▶ [TASK PROMPT]:
What you should copy is the line containing "this 1280×1707 image." and all lines after it in the entries below, exactly and without anything added.

[Dataset entries]
.....
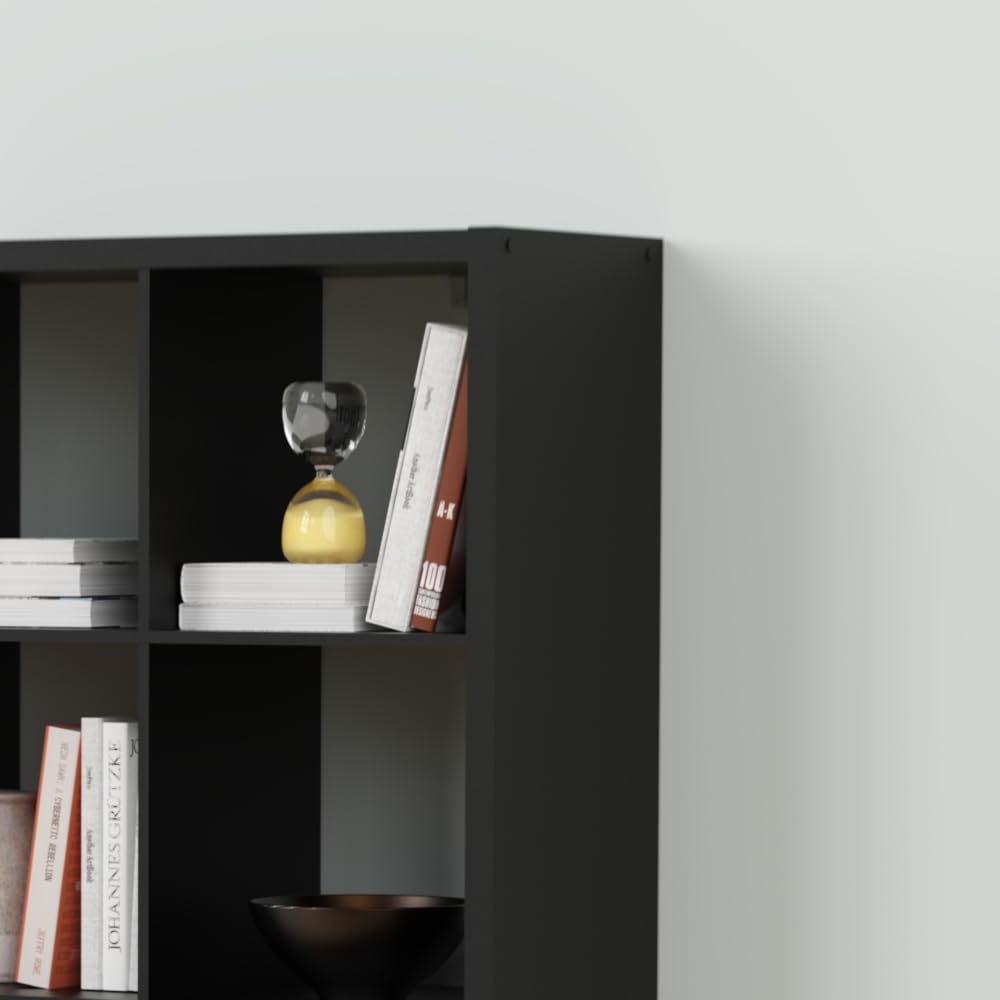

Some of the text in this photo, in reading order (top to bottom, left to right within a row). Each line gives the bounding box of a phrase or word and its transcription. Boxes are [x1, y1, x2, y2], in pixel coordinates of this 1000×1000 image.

[420, 560, 447, 593] 100
[45, 843, 57, 881] REBELLION
[107, 743, 121, 952] JOHANNES GRÜTZKE
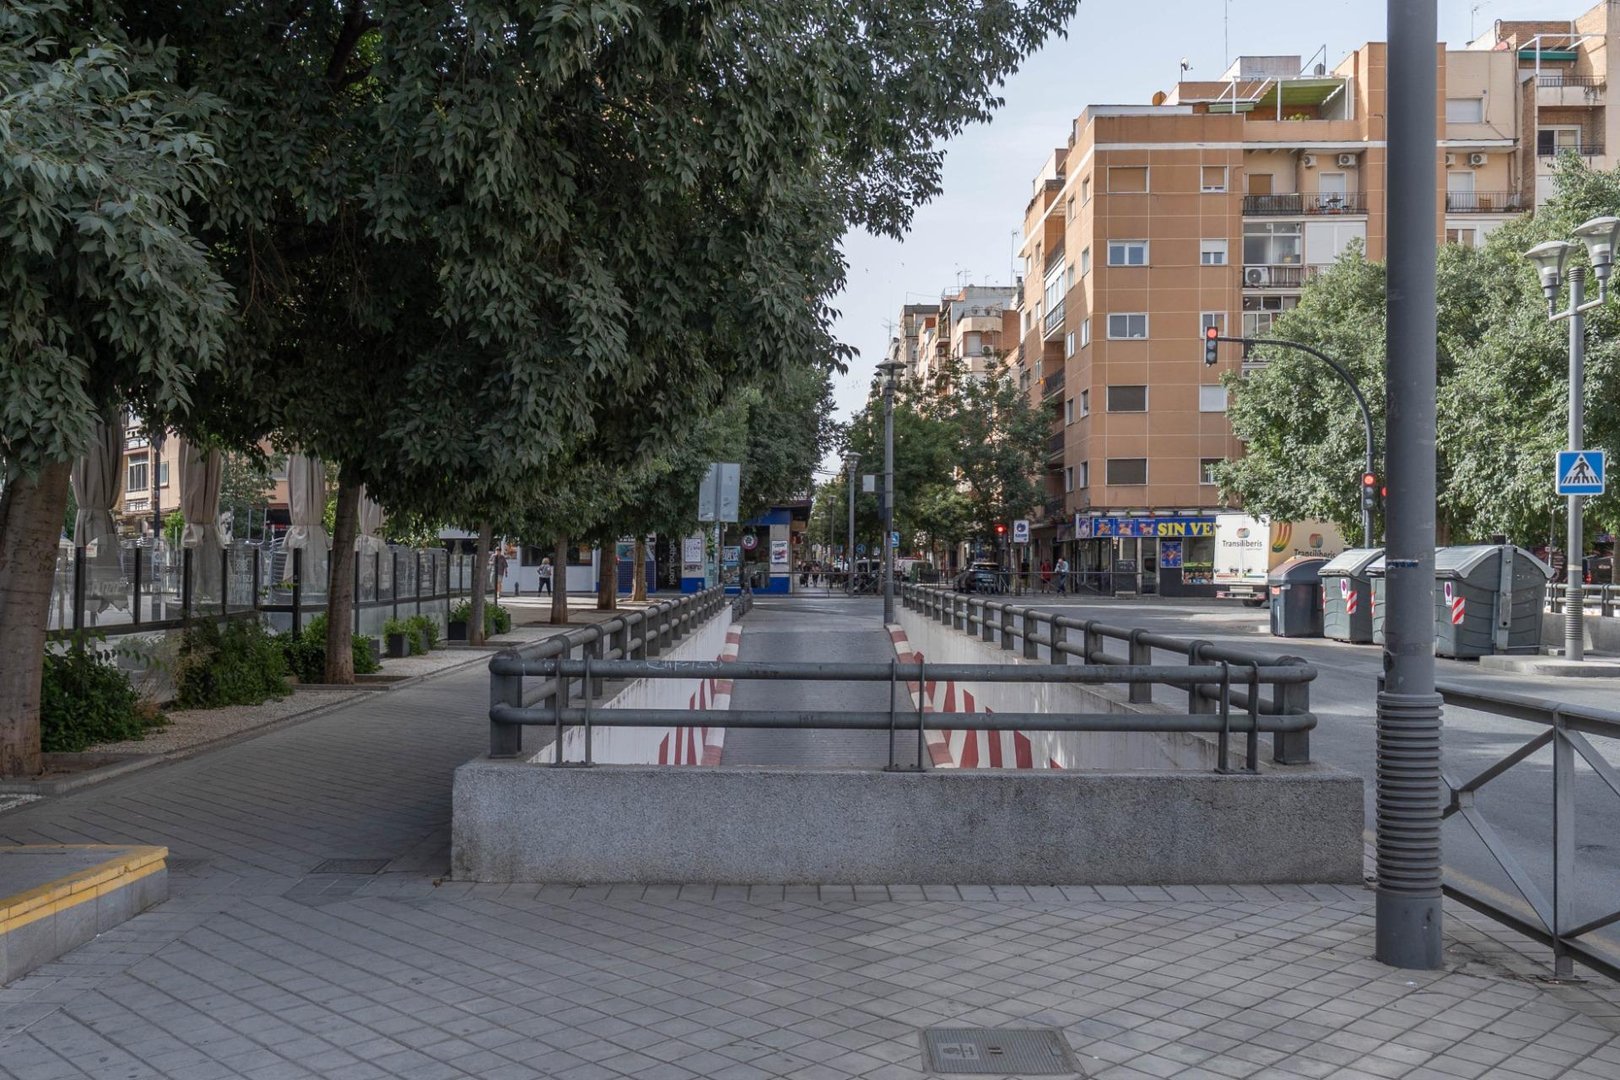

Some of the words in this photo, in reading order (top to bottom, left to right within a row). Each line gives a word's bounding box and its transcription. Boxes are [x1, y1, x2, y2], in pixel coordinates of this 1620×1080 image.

[1157, 522, 1187, 536] SIN
[1190, 522, 1216, 536] VE
[1222, 539, 1263, 547] Transiliberis
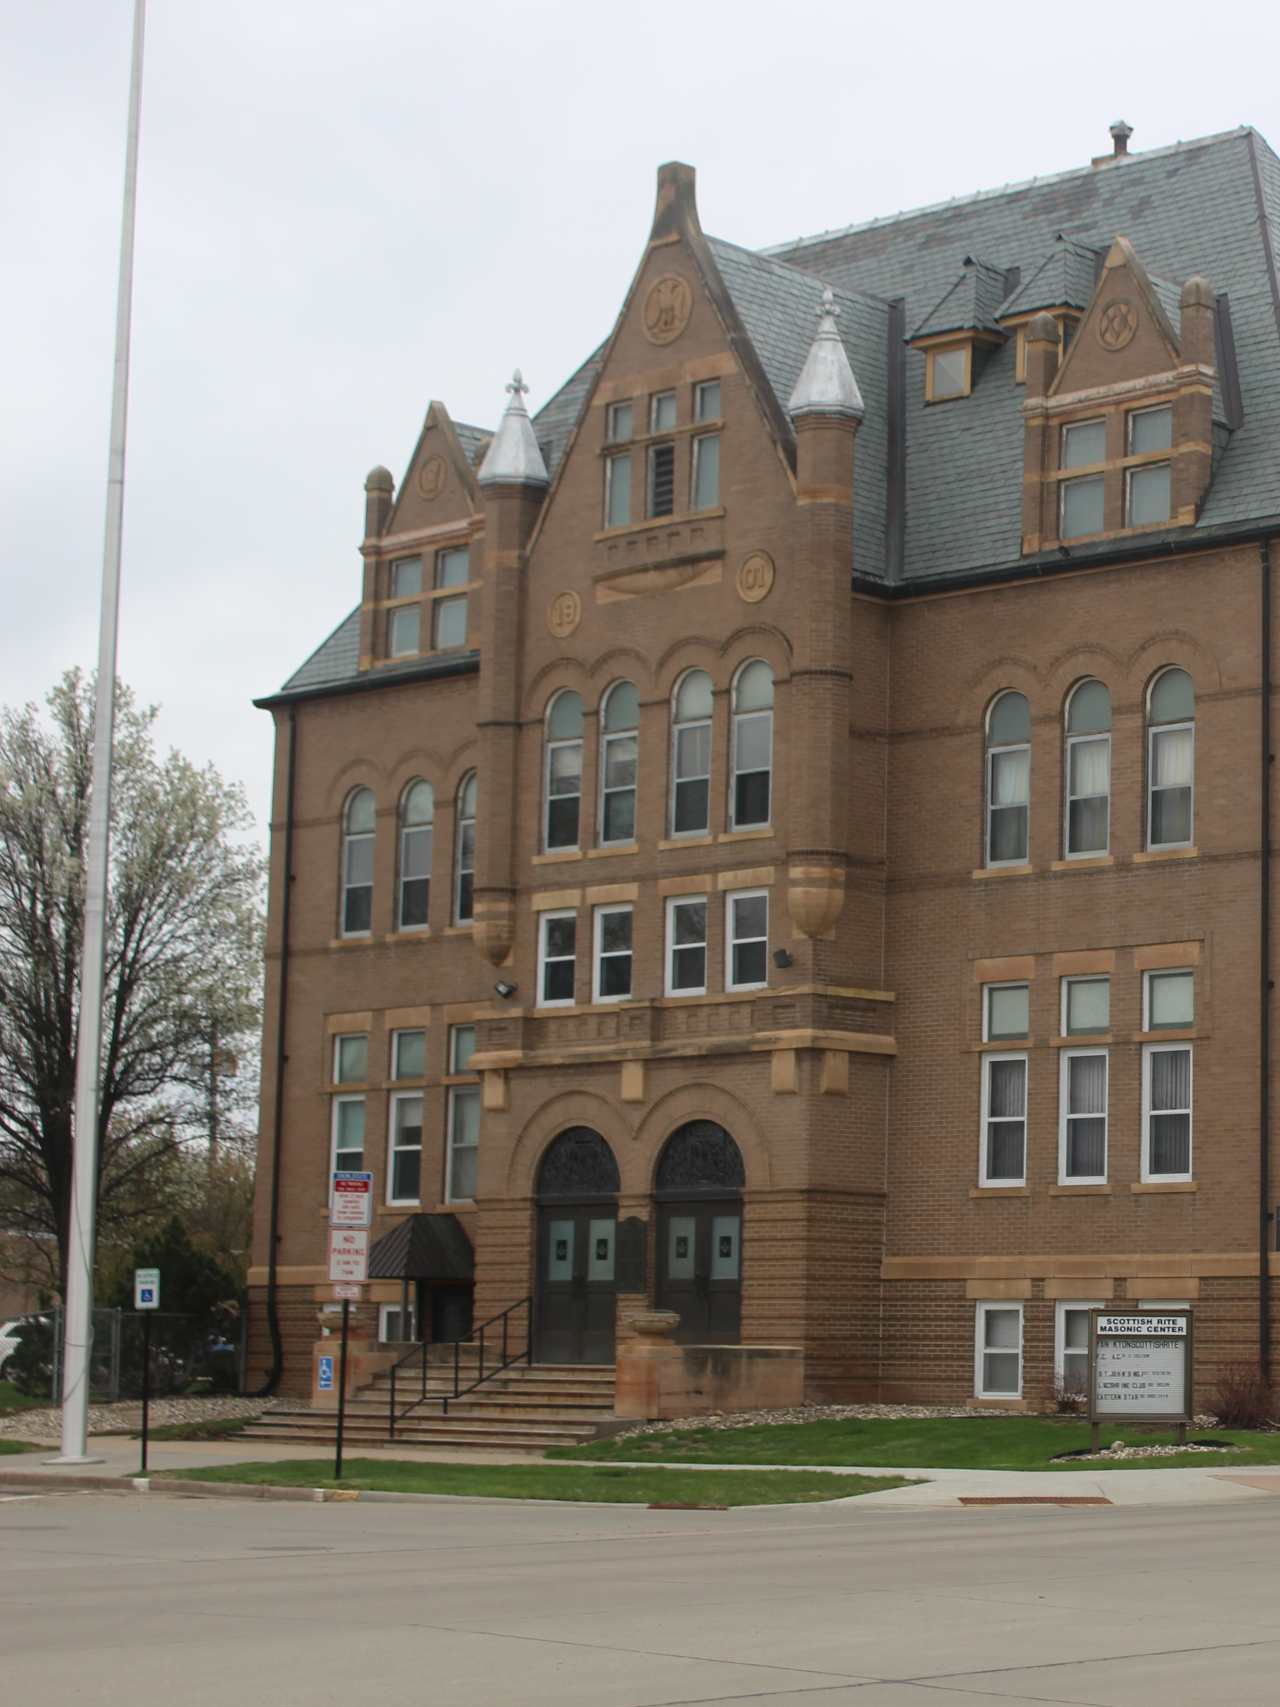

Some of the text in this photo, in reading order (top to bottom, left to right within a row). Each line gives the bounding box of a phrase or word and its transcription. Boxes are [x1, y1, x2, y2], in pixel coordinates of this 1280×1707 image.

[342, 1236, 356, 1244] NO
[332, 1247, 366, 1256] PARKING
[1106, 1318, 1178, 1326] SCOTTISH RITE
[1100, 1325, 1142, 1333] MASONIC
.....
▶ [SOLVED PROBLEM]:
Some of the text in this photo, in reading order (top to bottom, left to right within a row). Each line gives the bounding box of a phrase or word and its transcription. Boxes are [x1, y1, x2, y2], in pixel coordinates of this 1280×1707 image.

[342, 1236, 356, 1244] NO
[332, 1247, 366, 1256] PARKING
[1106, 1318, 1178, 1326] SCOTTISH RITE
[1100, 1325, 1142, 1333] MASONIC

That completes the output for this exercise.